Oh dear...
Jessica Squires, 16, of Queen Elizabeth's Drive, New Addington, had travelled to watch a host of pop stars at the T4 On The Beach event at Weston-super-Mare in Somerset.Pop stars such as 'The Wanted and X Factor judge Tulisa Contostavlos'. Yeah. Ummm....
But her £35 journey to and from the event turned into a nightmare. Describing the return journey, Jessica told the Advertiser: "It was fine for the first 40 minutes, then the toilet exploded.
"It was a tsunami of urine and excrement going down the coach where we were all sitting – it was disgusting.
"There was poo down the middle of the aisle and it stank.
"We were saying to the driver 'please stop' so we could get off and he refused.
"Everyone was crying on the way back, there weren't any windows open."Sounds like the day ended as it had begun to me. And a tsunami of the stuff?
This is a tsunami:
Just imagine the wave is yellow. And brown. And lumpy.
I don't think even in New Addington they are that full of it, are they?
The coach company has a rather different side of things. They basically say that she's full of s***:
A spokesman for National Express said: "The overwhelming majority of our services to T4 passed without incident and we are concerned about this disappointing experience.
"Regrettably, customers on one of the return services from T4 deliberately flooded the coach toilet and were also verbally abusive to the driver, which clearly impacted on the service.
"Customer experience is of paramount importance to National Express.

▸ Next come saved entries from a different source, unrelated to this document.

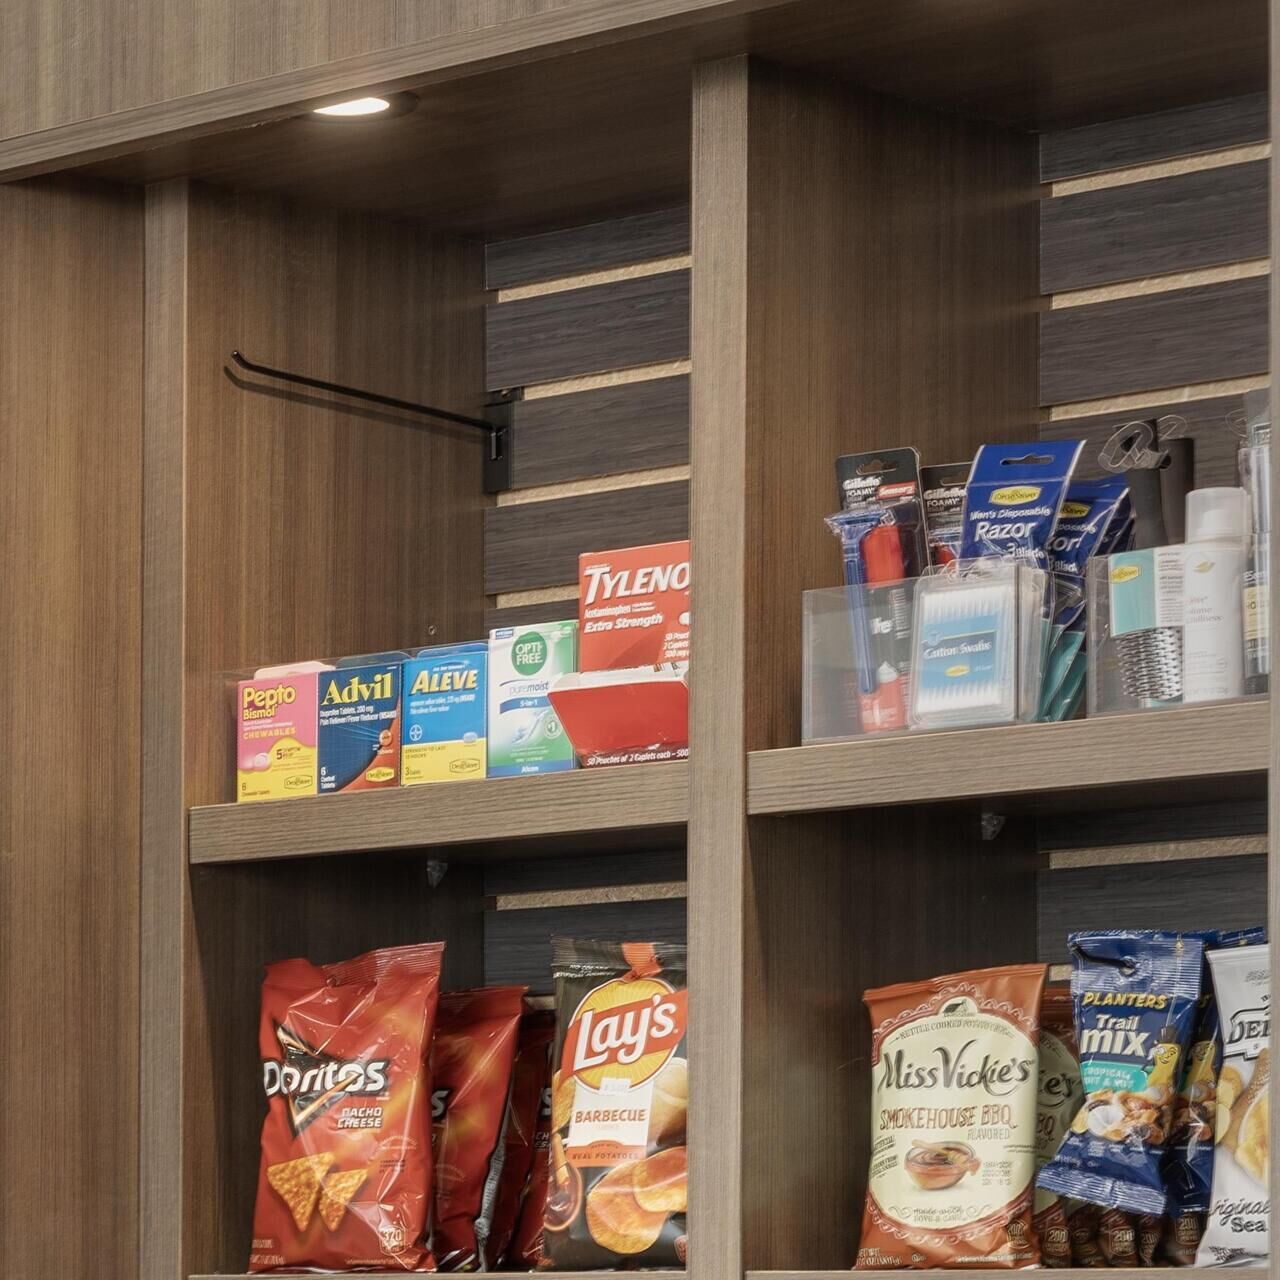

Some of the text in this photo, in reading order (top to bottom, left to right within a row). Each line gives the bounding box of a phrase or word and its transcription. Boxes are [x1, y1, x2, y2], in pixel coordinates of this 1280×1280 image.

[845, 487, 874, 498] FOAMY
[927, 498, 957, 508] FOAMY
[969, 506, 1053, 521] Men's Disposable
[974, 521, 1039, 543] Razor
[583, 612, 664, 634] Extra Strength
[516, 652, 542, 666] FREE
[320, 672, 394, 707] Advil
[411, 669, 479, 696] ALEVE
[509, 679, 550, 694] puremoist
[242, 685, 297, 714] Pepto
[242, 706, 278, 721] Bismol
[243, 728, 297, 740] CHEWABLES
[276, 749, 283, 760] 5
[634, 753, 658, 764] Caplets
[658, 752, 671, 761] each
[320, 766, 327, 776] 6
[1081, 992, 1168, 1010] PLANTERS
[899, 1020, 963, 1040] KETTLE COOKED
[1095, 1013, 1140, 1031] Trail
[573, 993, 679, 1073] Lay's
[1079, 1028, 1151, 1058] mix
[877, 1038, 1036, 1097] Miss Vickie's
[263, 1059, 390, 1097] Doritos
[341, 1106, 383, 1118] NACHO
[574, 1108, 648, 1124] BARBECUE
[879, 1104, 1019, 1131] SMOKEHOUSE BBQ
[337, 1116, 383, 1130] CHEESE
[967, 1128, 1011, 1141] FLAVORED
[1230, 1217, 1268, 1233] Sea
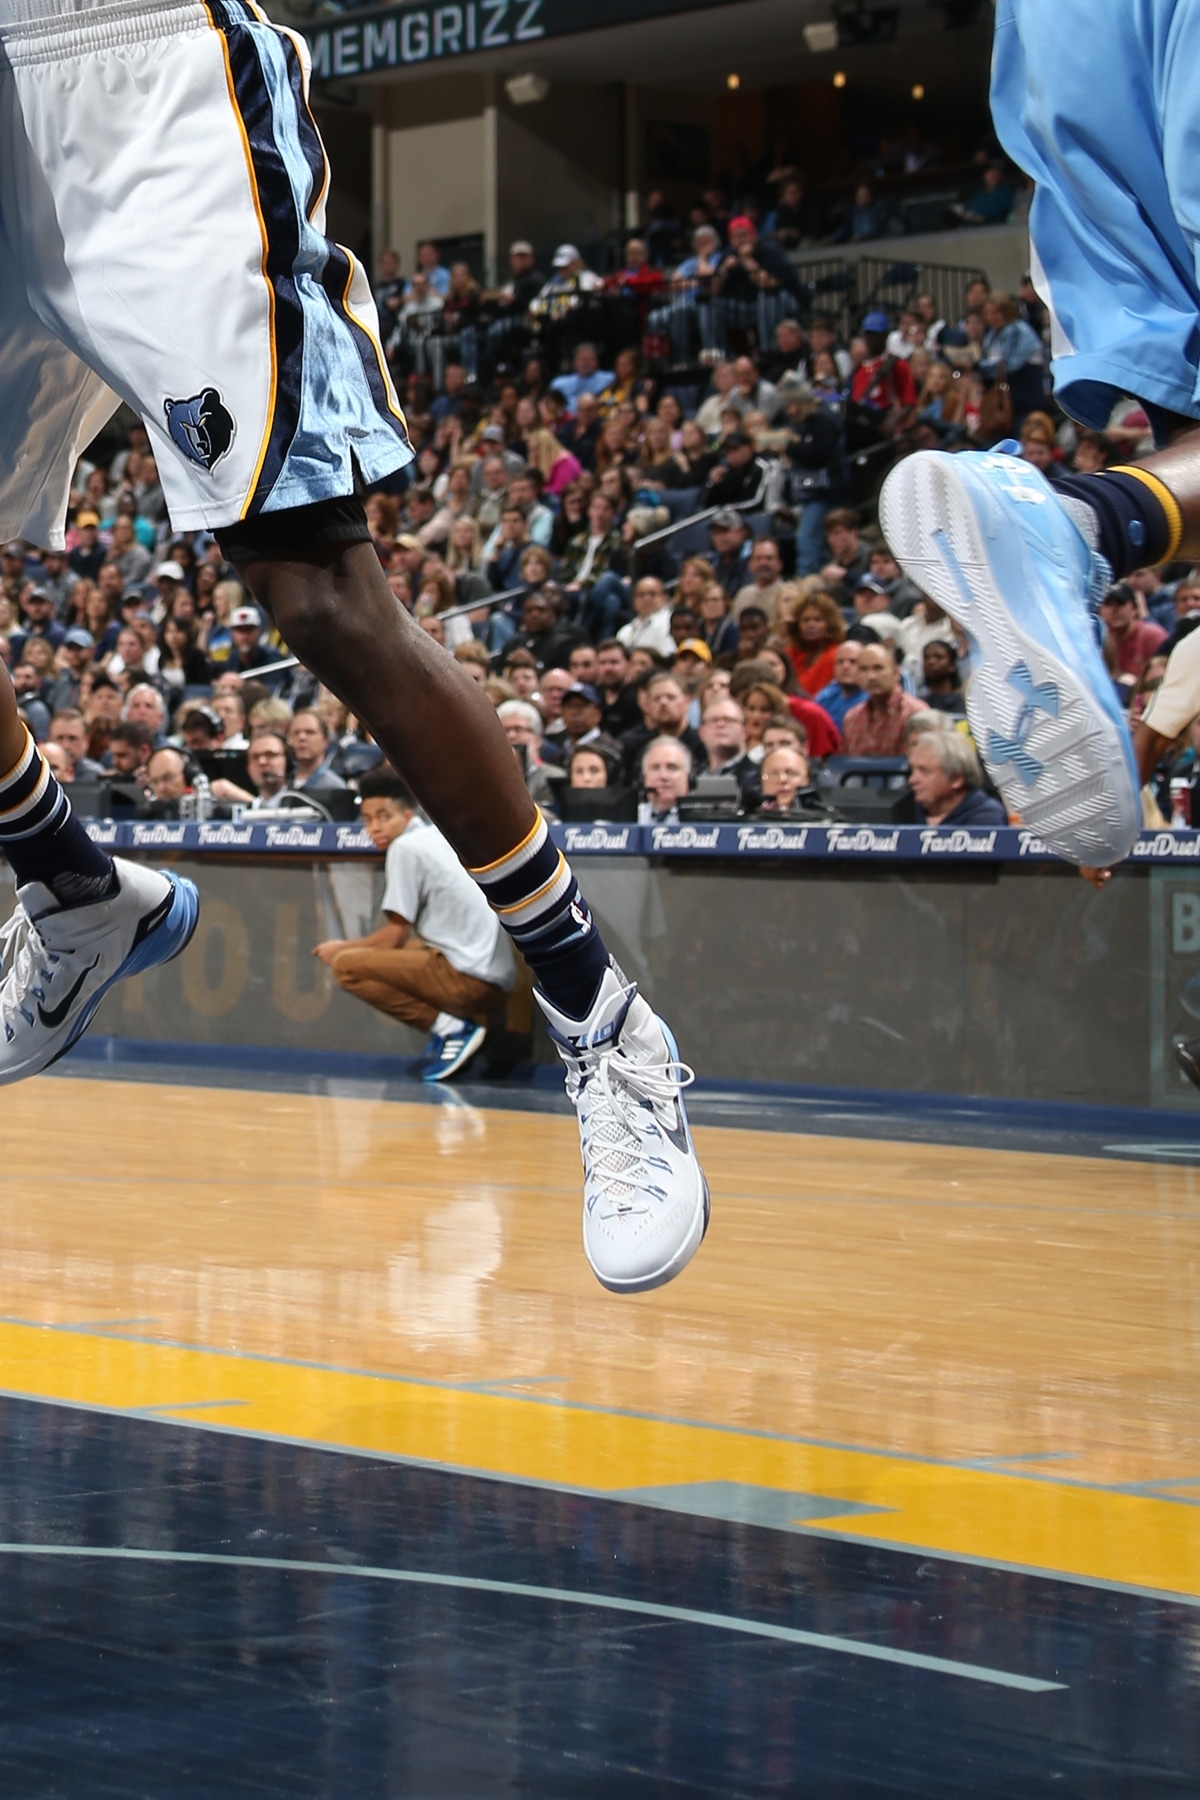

"We are in the process of investigating the other issues reported and will continue to work closely with Mrs Squires."Heh!
In the comments, doubt is expressed over the wording attributed to this sweet sixteen from New Addington, as well it might be, prompting a clarification:
“Thank you as always for your comments.
Just to clarify, the phrase 'a tsunami of....' was used by the teenager quoted, although 'urine' and 'excrement' were substituted in place of the actual two words used.
Thanks, Joanna”Masterful!
6 comments:
Readers, I urge you to follow the link and enjoy the irony of all three photos depicting the artfully-groomed teenagers adopting suitable 'This-is-us-looking-upset-in-a-photogenic-way' expressions.
The 33-year-old cousin who accompanied them on their journey is, curiously enough absent from the pictures.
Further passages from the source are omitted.